Это было ровно в девять часов вечера, 25 июня 1925 года. В половине девятого, в тот же вечер, с запада прилетел двухместный аэроплан, и бритый серый англичанин в костюме, немного помятом в дороге, подъехал к квартире Реммера. Там он оставался не более трех минут, ибо в ней никого не было, кроме уходящей домой Веры. И Вера слышала, как он сказал своему спутнику по-английски:
— Джон, через час вы вылетите в Чердынь и передадите ему этот пакет…
Ночь 25 июня 1925 года была замечательна и тем, что в самой большой гостинице города в четырнадцатом номере повесился человек, только что перед этим прописавшийся Сергеем Кошкиным, танцором-чечеточником, 32 лет от роду.
В IV классе парохода «Красная Звезда» было шумно и оживленно, но тесно до отказа. Никогда раньше пароходам Камы не приходилось перевозить такую разношерстную буйную публику. Слухи о больших изыскательных работах в горах, в верховьях Вишеры, заставили хлынуть туда тысячи человек из южных губерний СССР.
Все те, кто околачивался раньше без дела в Одессе, Ростове, Новороссийске, собрав несложные манатки, быстро перебрасывались с юга, через Пермь, на север.
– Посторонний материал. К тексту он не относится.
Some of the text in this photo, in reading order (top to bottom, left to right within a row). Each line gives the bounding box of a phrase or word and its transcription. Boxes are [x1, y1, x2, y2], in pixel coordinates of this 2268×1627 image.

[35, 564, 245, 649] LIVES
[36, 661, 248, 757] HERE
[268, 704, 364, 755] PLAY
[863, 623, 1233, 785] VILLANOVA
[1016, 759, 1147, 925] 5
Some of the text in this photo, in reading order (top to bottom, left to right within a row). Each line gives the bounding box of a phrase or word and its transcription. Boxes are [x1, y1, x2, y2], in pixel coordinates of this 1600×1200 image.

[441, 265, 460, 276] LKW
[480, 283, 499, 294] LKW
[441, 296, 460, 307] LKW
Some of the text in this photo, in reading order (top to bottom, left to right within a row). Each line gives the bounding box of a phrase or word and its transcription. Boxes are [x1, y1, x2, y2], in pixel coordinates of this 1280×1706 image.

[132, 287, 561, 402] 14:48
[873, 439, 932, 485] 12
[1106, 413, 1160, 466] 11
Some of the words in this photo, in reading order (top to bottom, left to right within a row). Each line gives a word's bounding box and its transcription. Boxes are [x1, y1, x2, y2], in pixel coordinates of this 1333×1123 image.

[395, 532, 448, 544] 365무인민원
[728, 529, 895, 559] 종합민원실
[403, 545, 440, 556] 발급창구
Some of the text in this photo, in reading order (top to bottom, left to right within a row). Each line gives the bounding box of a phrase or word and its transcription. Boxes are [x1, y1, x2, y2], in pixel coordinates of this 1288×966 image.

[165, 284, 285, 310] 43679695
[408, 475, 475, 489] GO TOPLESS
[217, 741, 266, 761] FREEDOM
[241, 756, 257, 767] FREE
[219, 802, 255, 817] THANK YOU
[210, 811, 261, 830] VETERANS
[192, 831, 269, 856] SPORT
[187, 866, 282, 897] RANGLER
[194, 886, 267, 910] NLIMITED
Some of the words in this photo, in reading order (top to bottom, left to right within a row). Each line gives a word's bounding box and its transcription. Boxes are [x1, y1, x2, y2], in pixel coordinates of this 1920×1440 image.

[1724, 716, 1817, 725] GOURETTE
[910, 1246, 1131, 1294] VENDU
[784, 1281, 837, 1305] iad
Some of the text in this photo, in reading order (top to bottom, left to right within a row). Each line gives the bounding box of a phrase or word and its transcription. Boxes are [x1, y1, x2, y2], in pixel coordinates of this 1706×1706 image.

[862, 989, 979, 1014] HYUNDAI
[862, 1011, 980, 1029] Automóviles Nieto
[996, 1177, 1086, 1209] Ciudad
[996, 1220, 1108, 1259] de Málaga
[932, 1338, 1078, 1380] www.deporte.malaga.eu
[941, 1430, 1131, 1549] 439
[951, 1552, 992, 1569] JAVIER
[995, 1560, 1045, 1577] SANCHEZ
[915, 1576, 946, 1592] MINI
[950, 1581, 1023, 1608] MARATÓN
Ходили слухи об открытых американцами сказочных богатствах, о находке самородков. И хотя точное местонахождение этих залежей еще никому не было известно, хотя никто еще не видел ни одного человека, нашедшего самородок хотя бы в два грамма весом, однако все чувствовали, что раз американцы взялись, значит что-то тут да есть.
Позади огромных мешков с войлоком в укромном углу сидели два человека. Осторожно оглядываясь, один из них время от времени отворачивал борт рваного ватного пиджака и, не вынимая из кармана бутылки с дешевым коньяком «Экстра», наливал жестяную кружку, подставленную товарищем. Оба по очереди рывком опрокидывали коньяк в глотки, затем из другого кармана извлекалась тонкая ненарезанная чайная колбаса, от которой сразу отхватывалось зубами полчетверти.